Testosterone and atherosclerosis in males during andropause

: Nowadays besides the commonly accepted atherogenic risk factors a special emphasis is laid on the significance of testosterone in atherogenesis in men which physiologic deficit during "andropause" is able to promote this pathology. An elevated estradiol:testosterone ratio seems to be an independent risk factor of atheromatous heart complications. There is a proved positive correlation between free testosterone, total testosterone, dihydrotestosterone and HDL-cholesterol, apoA1 apolipoprotein.

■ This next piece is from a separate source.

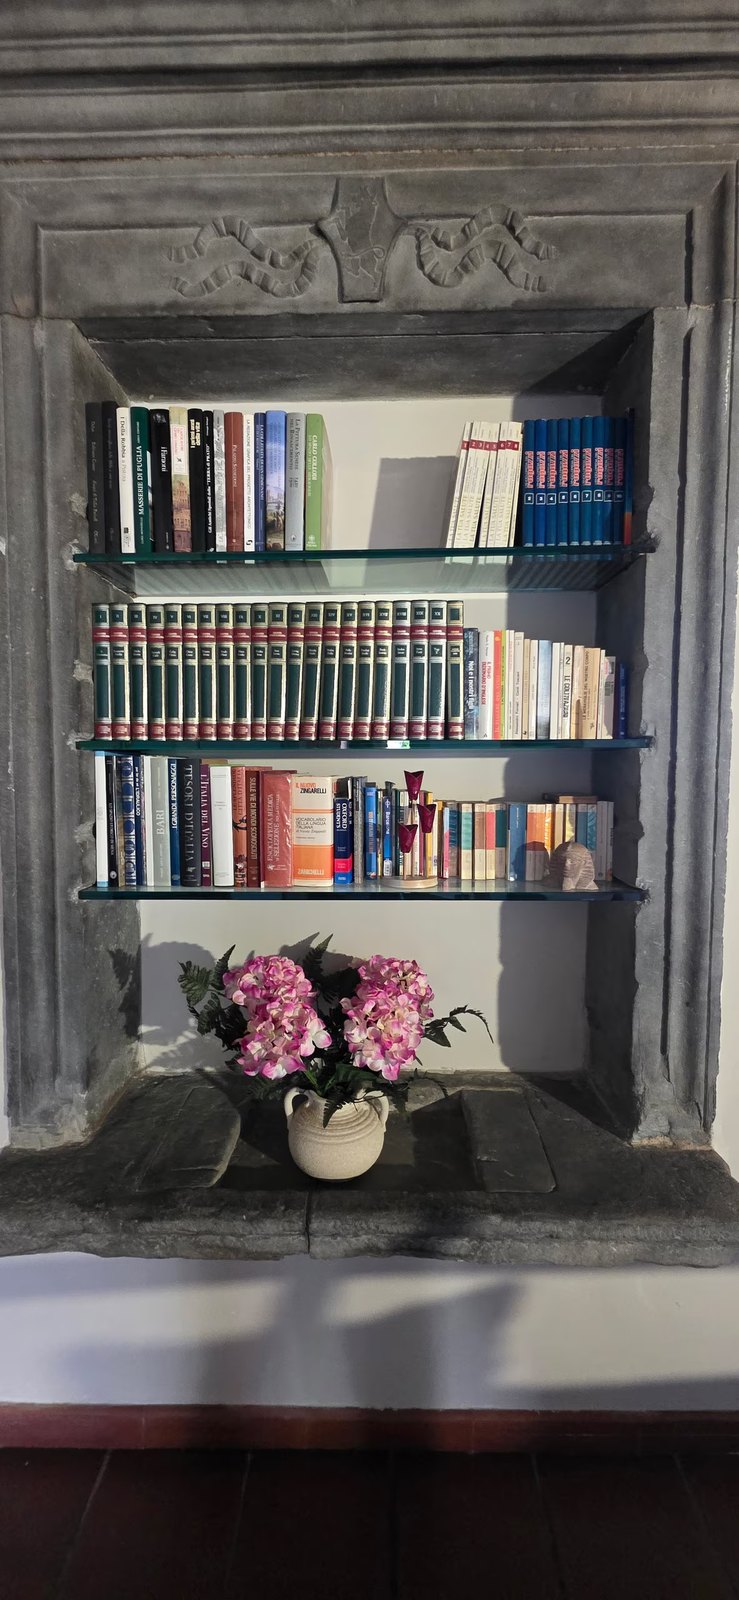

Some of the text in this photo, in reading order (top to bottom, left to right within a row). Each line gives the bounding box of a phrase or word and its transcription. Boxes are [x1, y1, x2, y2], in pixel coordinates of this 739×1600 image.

[200, 774, 209, 807] L'ITALIA
[156, 810, 165, 835] BARI
[184, 765, 194, 861] TESORI D'ITALIA
[202, 828, 210, 848] VINO

The relationship between LDL-cholesterol, VLDL-cholesterol, total cholesterol and total and free testosterone seems to be unanimous, but in certain studies the beneficial influence of testosterone on the mentioned lipids has been observed. The discussed hormone is also functionally connected with coagulation and fibrynolisis; a positive correlation was found between endogenous testosterone and tPA-Fx and a negative correlation between testosterone and PAI-1, fibrinogen, D-dimers, alpha 2-antiplasmin. Testosterone is a functional regulator of the vascular tonus and influences on reological properties of microcirculation (the application of testosterone infusion into canine coronary arteries causes the dilatation of main and the small vessels, through NO syntetase induction and ATP-dependent K(+)- channel activation). A statistically significant positive correlation between testosterone and insulin has been stated (an elevated oestradiol:testosterone ratio is connected with the insulin resistance). Additionally a negative relationship between testosterone and android obesity has been observed. Although nowadays there are more and more facts proving the benefits of the retaining the proper testosterone levels in aging men, the final influence of the testosterone supplementary therapy on atherogenesis is not solved.